Making Gradient Descent Optimal for Strongly Convex Stochastic Optimization
Alexander Rakhlin, Ohad Shamir, Karthik Sridharan
TL;DR
The paper analyzes the convergence of stochastic gradient descent for strongly convex stochastic optimization, showing that when the objective is smooth, SGD (with or without averaging) attains the optimal $O(1/T)$ rate, while for non-smooth objectives standard SGD averaging can incur a $\Omega(\log(T)/T)$ rate. Importantly, a simple modification—$\alpha$-suffix averaging—restores the optimal $O(1/T)$ rate for any strongly convex problem without altering the algorithm. The authors provide both theoretical guarantees and experimental evidence, including high-probability bounds and empirical results on synthetic and real data, illustrating when averaging helps or hurts. The results clarify SGD’s practical performance and offer a lightweight technique to achieve optimal rates in broader settings.
Abstract
Stochastic gradient descent (SGD) is a simple and popular method to solve stochastic optimization problems which arise in machine learning. For strongly convex problems, its convergence rate was known to be O(\log(T)/T), by running SGD for T iterations and returning the average point. However, recent results showed that using a different algorithm, one can get an optimal O(1/T) rate.

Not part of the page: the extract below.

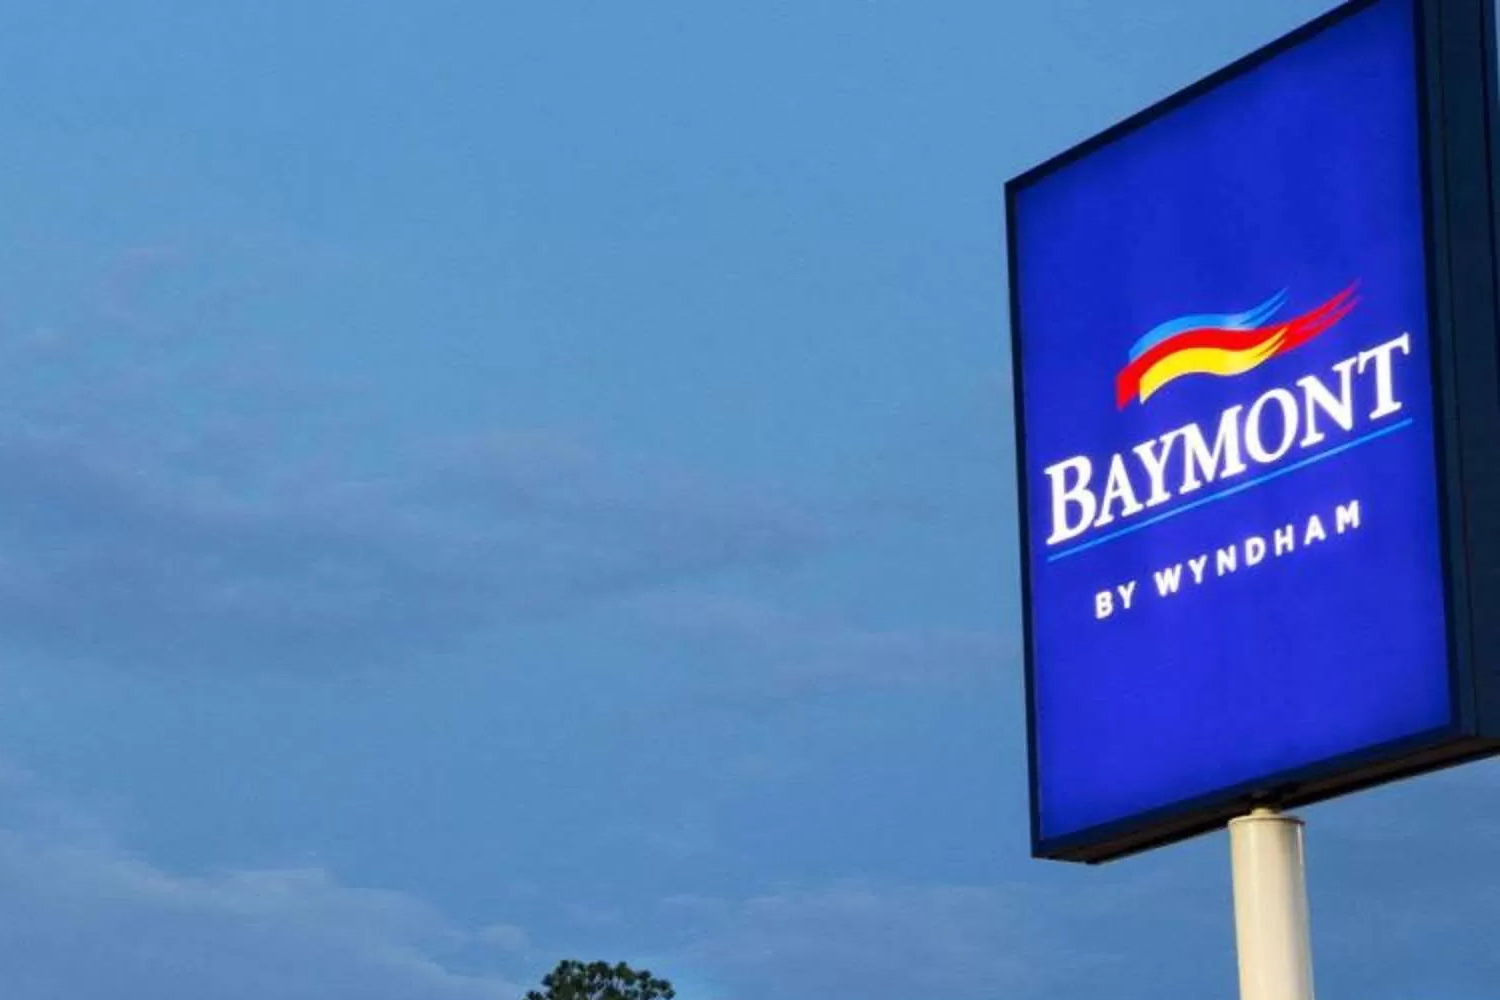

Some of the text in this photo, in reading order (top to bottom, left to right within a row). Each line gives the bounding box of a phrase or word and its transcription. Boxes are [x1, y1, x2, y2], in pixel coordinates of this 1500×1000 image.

[1044, 332, 1409, 546] BAYMONT
[1094, 500, 1361, 619] BY WYNDHAM
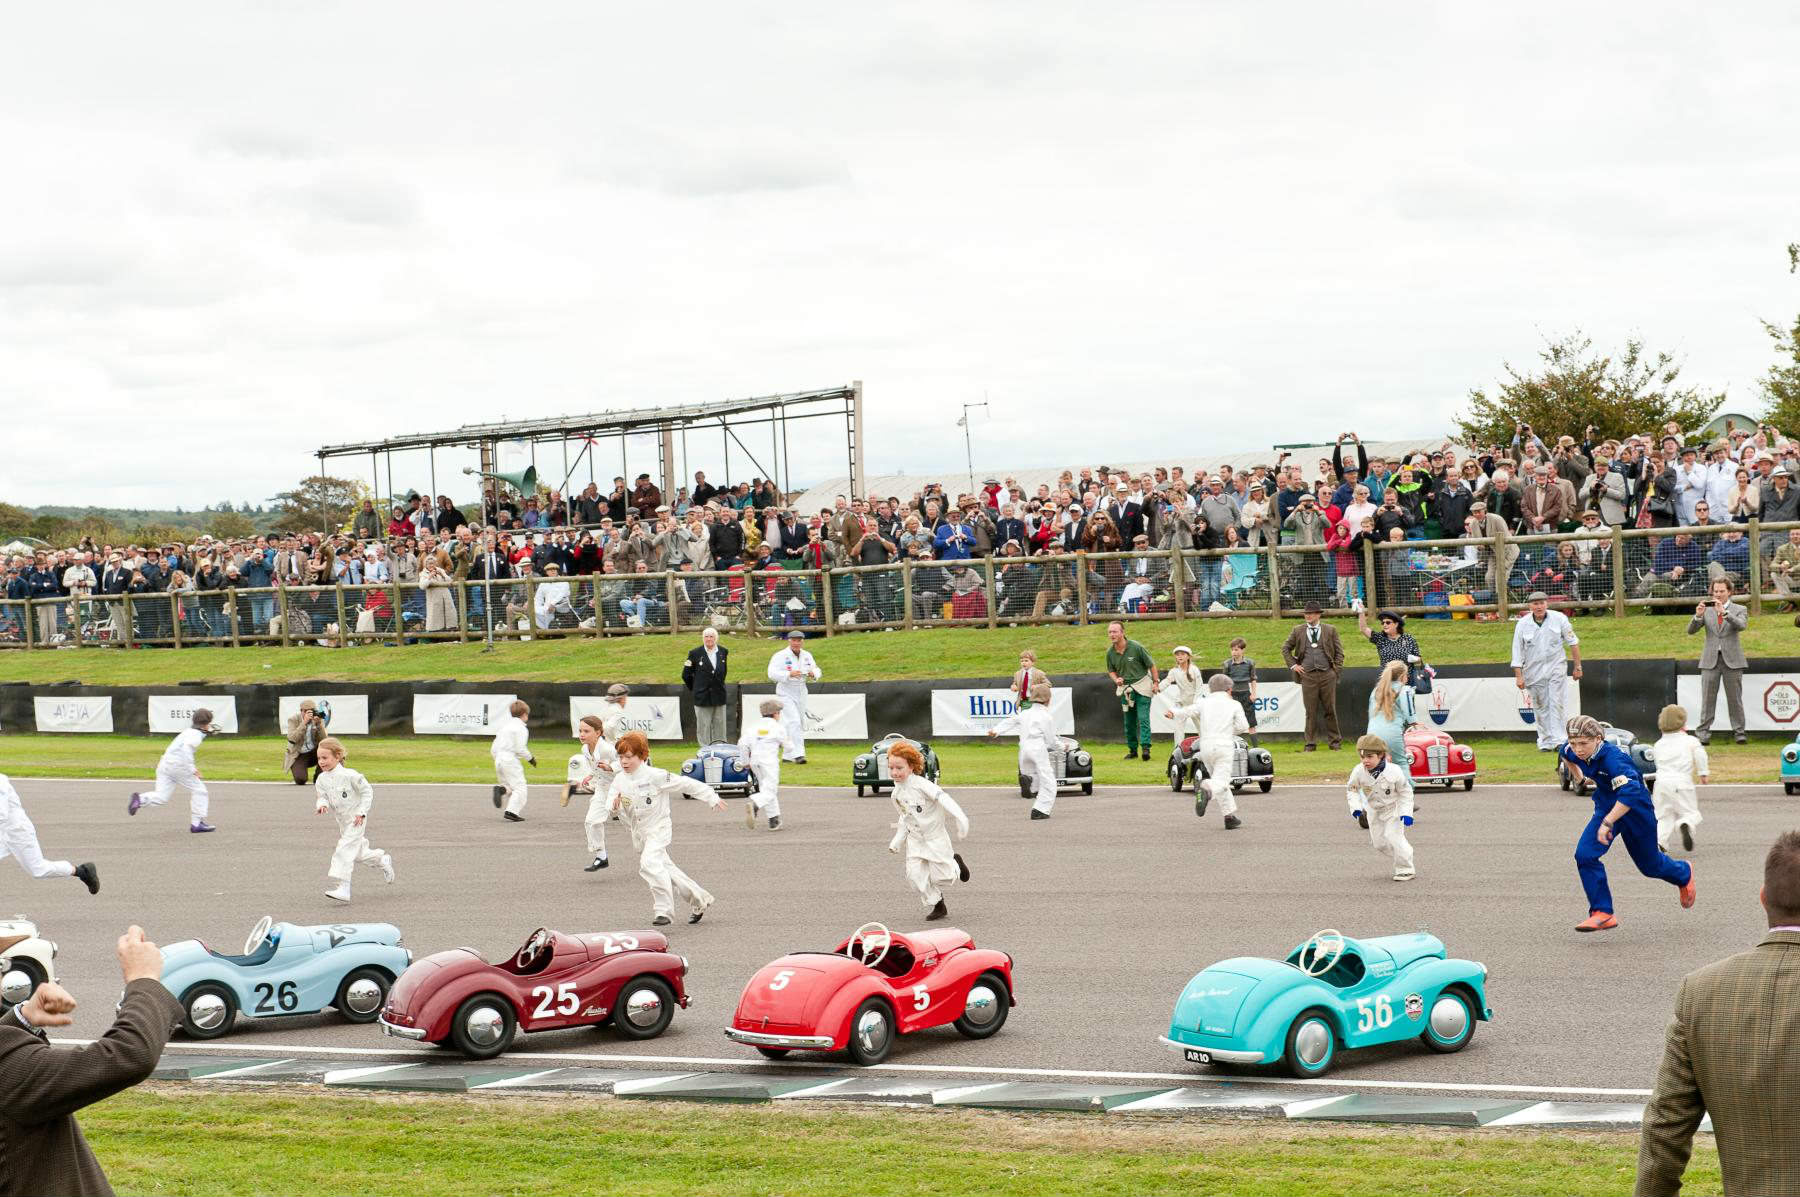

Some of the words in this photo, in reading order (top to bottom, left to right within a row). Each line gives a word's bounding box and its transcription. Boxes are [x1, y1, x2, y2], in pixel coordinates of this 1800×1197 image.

This might lead one to believe that standard SGD is suboptimal, and maybe should even be replaced as a method of choice. In this paper, we investigate the optimality of SGD in a stochastic setting. We show that for smooth problems, the algorithm attains the optimal O(1/T) rate. However, for non-smooth problems, the convergence rate with averaging might really be Ω(\log(T)/T), and this is not just an artifact of the analysis. On the flip side, we show that a simple modification of the averaging step suffices to recover the O(1/T) rate, and no other change of the algorithm is necessary. We also present experimental results which support our findings, and point out open problems.